By: Jeffrey Gold, Associated Press Writer
(AP) The company that marketed a weight-loss supplement containing ephedra has sued a newspaper reporter and a lawyer, charging they worked together to publish stories that defamed the company.
Nutraquest Inc., formerly known as Cytodyne Technologies Inc., claims Penni Crabtree of The San Diego Union-Tribune gave biased coverage of a California class-action lawsuit filed against Cytodyne.
Nutraquest’s lawsuit charged that Crabtree had a conflict of interest in covering Cytodyne because her husband is an executive at Amylin Pharmaceuticals Inc. The lawsuit said that Amylin is a direct competitor of Cytodyne diet products.
The lawsuit also claimed the lawyer who filed the California lawsuit, Todd Macaluso, leaked significant information to Crabtree to “publicize his name and reputation to drum up continued clientele to file further legal action against Cytodyne.”
The case was filed in U.S. District Court in Newark on Tuesday and seeks unspecified damages.
Macaluso’s co-counsel on the San Diego case, James Frantz, called the lawsuit “frivolous, unsubstantiated, and without any merit.”
Crabtree did not immediately return a message seeking comment Wednesday. The chief legal officer for the newspaper’s owner, Copley Press Inc., said it would defend Crabtree if she wishes. The newspaper is not a defendant.
In the California case, a San Diego judge ordered Cytodyne to pay $12.5 million to California consumers, ruling it misled them by making exaggerated and false claims about the safety and effectiveness of Xenadrine RFA-1. The company denied the charges and said it would appeal.

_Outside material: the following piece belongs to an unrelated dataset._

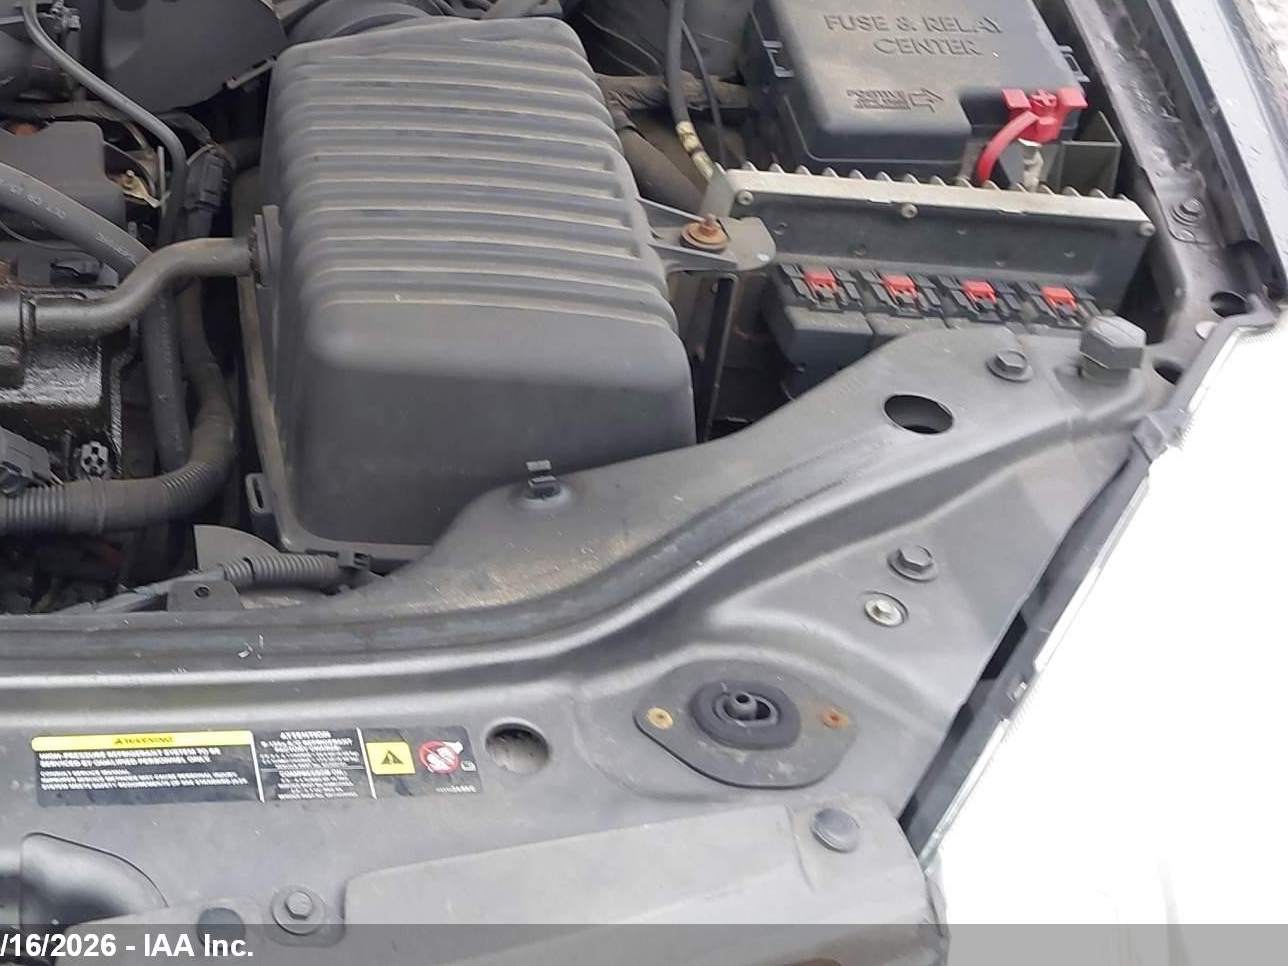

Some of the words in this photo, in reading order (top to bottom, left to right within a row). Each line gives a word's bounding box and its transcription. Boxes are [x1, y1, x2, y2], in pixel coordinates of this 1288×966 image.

The company phased out the ephedra-based diet pills early this year and is selling an ephedra-free product, said company spokesman Shane Friedman. Cytodyne also changed its name to Nutraquest in June, and licensed the marketing of its products to a new entity, Cytodyne LLC.
Ephedra is an herbal stimulant that critics claim causes heart-related problems by increasing blood pressure in some users.